Dismiss Notice
Join Physics Forums Today!
The friendliest, high quality science and math community on the planet! Everyone who loves science is here!

Logarithm base 2 and bits

  1. Jan 26, 2016 #1
    I know that if you have x states then you need log2(x) bits to encode them. For example a coin has 2 states and you need 1 bit which is log2(2). It also works for numbers between 0 and 1 for example if you halve the amount of states you need to add log2(1/2) bits which is -1.

    So what does log2(i) mean? How can you have i states and encode them in log2(i) bits?

    Also on a related note why does it require -infinite bits to encode 0 states?
  2. jcsd
  3. Jan 26, 2016 #2
    Actually, we can quantify the amount of information in an event (the bits we need) as ##I = -\log_2(p)## where ##p## is the probability of that event occurring. Notice that the less likely an event, the more information contained in it.

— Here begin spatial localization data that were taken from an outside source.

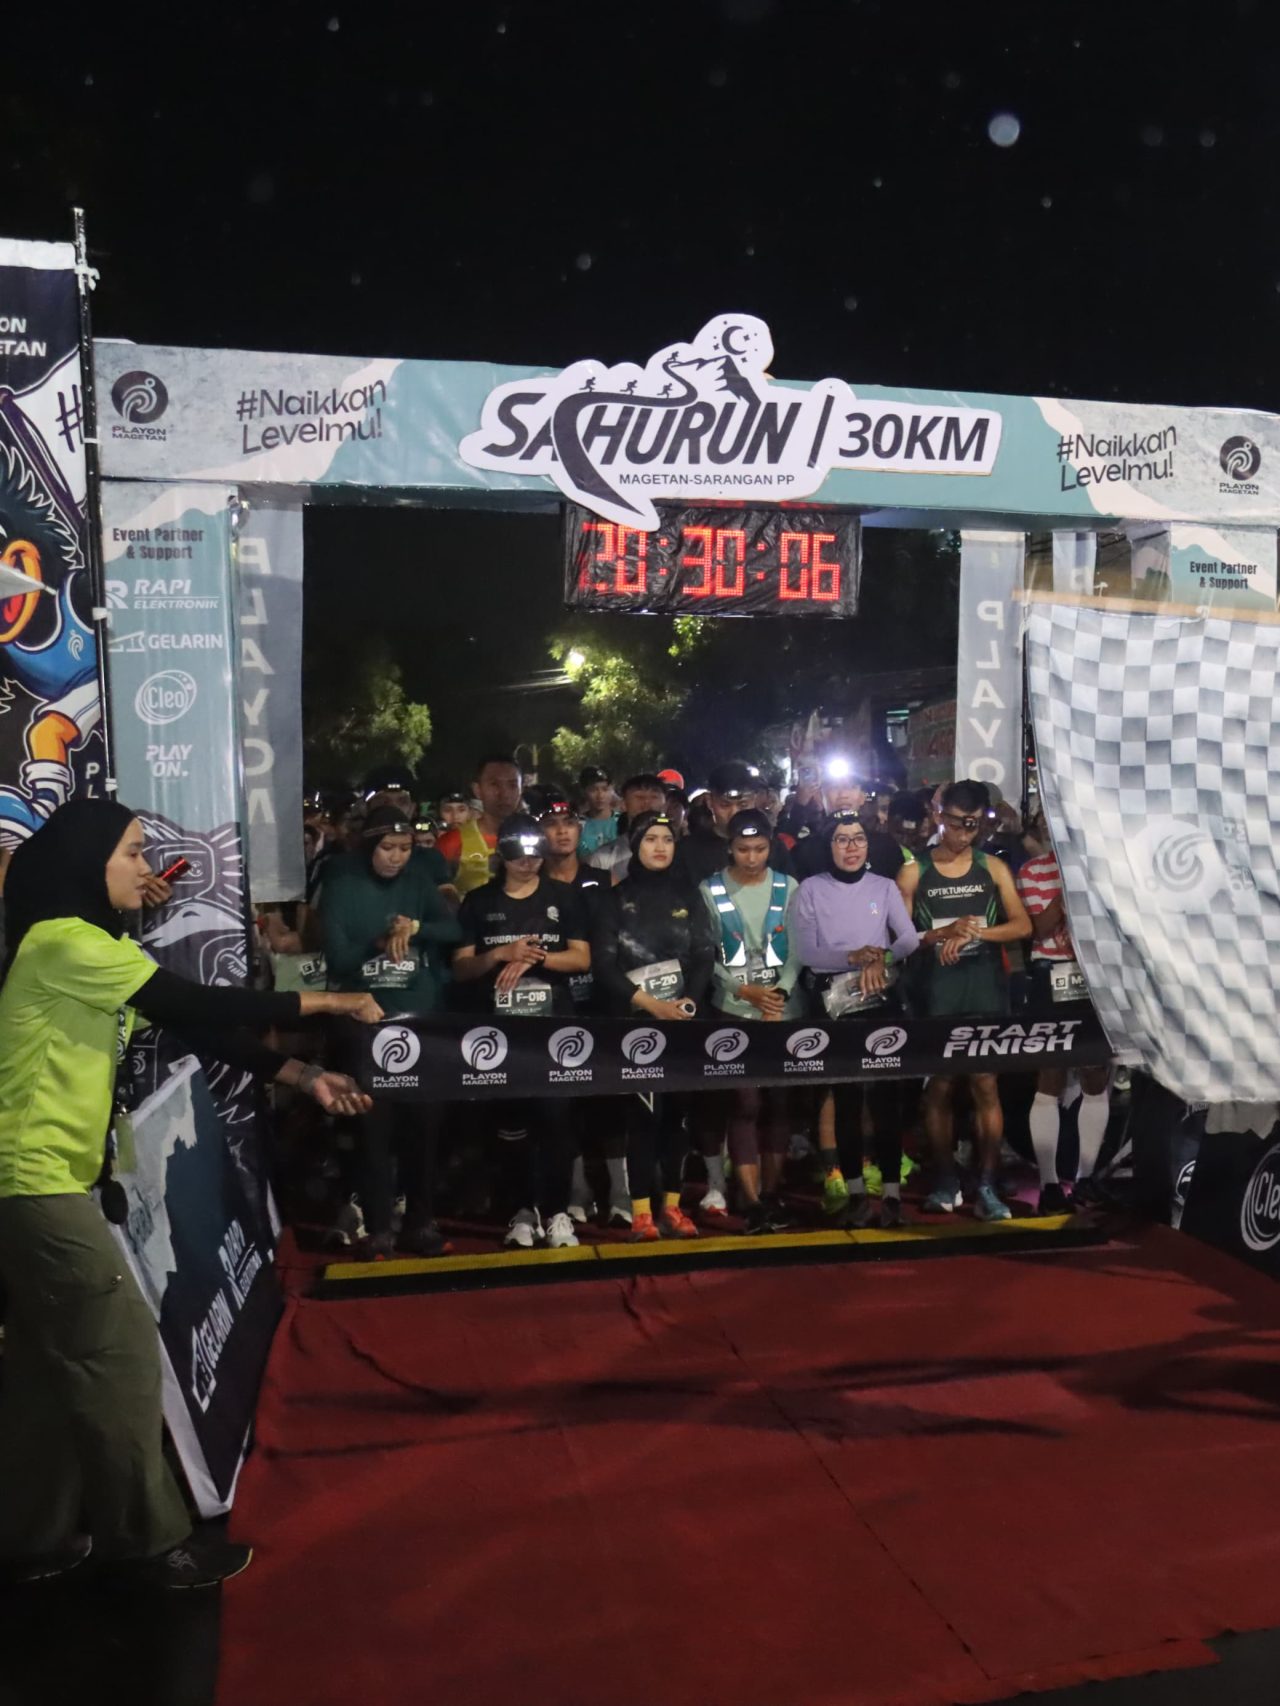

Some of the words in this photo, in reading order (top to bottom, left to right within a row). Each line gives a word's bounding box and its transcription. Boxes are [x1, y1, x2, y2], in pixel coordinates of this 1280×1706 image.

[236, 379, 387, 422] #Naikkan
[111, 425, 167, 436] PLAYON
[242, 408, 383, 454] Levelmu!
[111, 433, 167, 442] MAGETAN
[839, 411, 991, 463] 30KM
[1057, 425, 1177, 463] #Naikkan
[1061, 452, 1174, 492] Levelmu!
[619, 473, 773, 486] MAGETAN-SARANGAN
[776, 474, 795, 486] PP
[1219, 482, 1259, 490] PLAYON
[113, 527, 150, 542] Event
[154, 528, 204, 543] Partner
[126, 545, 135, 560] &
[139, 545, 193, 561] Support
[1190, 561, 1218, 574] Event
[1220, 562, 1258, 575] Partner
[134, 579, 192, 595] RAPI
[1209, 577, 1249, 590] Support
[133, 599, 219, 610] ELEKTRONIK
[148, 633, 223, 649] GELARIN
[147, 684, 185, 709] Cleo
[146, 744, 193, 761] PLAY
[949, 1020, 1082, 1041] START
[943, 1033, 1074, 1058] FINISH
[784, 1059, 824, 1069] PLAYON
[862, 1056, 901, 1066] PLAYON
[862, 1061, 901, 1069] MAGETAN
[549, 1069, 592, 1078] PLAYON
[622, 1066, 663, 1075] PLAYON
[704, 1063, 745, 1073] PLAYON
[704, 1068, 745, 1076] MAGETAN
[373, 1075, 418, 1083] PLAYON
[462, 1072, 507, 1081] PLAYON
[549, 1075, 592, 1083] MAGETAN
[622, 1071, 664, 1079] MAGETAN
[462, 1078, 507, 1086] MAGETAN

    Thus, the amount of information required to encode the result of a coin flip is ##-\log_2(1/2)## because the probability of an event (heads, for instance) is ##1/2##.

    It makes no sense to evaluate it at ##p = i##, because probabilities must be real numbers on ##[0,1]##.

    You get an infinite amount of information in an event if the probability of that event occurring is ##0##.
  4. Jan 26, 2016 #3
    Why can probabilities not be other numbers? For example if something was guaranteed to happen twice it's probability of happening once would be 2 so when it happens the information would be -log2(2) which means that when you see an event that you know is going to happen twice happening then you actually lose one bit of information.

    Here is another example of my question: If some event has probability of 1 but then the opposite happens then the event that occured had -1 probability (for example if I think that I am going to lose my bike but then instead I get an extra bike then I though my bikes would go -1 with 1 probibility but instead they went -1 with -1 probability and since -1*-1=1 I got an extra bike) so the information in it is -log2(-1) = - 4.53236014 i which means I actually lost an imaginary amount of bits.
  5. Jan 26, 2016 #4
    No, that isn't how probability works. A basic property of a probability function ##P## is that ##0\leq P(A) \leq 1## for any event ##A##.

    If something were guaranteed to happen twice, then the probability of it happening at least once is still 1.

    Also, an event cannot have probability 1 and not happen. By definition probability 1 means the event will happen.
    Last edited: Jan 26, 2016
  6. Jan 26, 2016 #5
    And what about probability 0? Can probability 0 happen so that one gets infinite information?
  7. Jan 26, 2016 #6
    Yes, probability 0 indicates that the event in question will never happen, so that there is an infinite amount of information contained in that event (though I doubt this ever shows up in the real world).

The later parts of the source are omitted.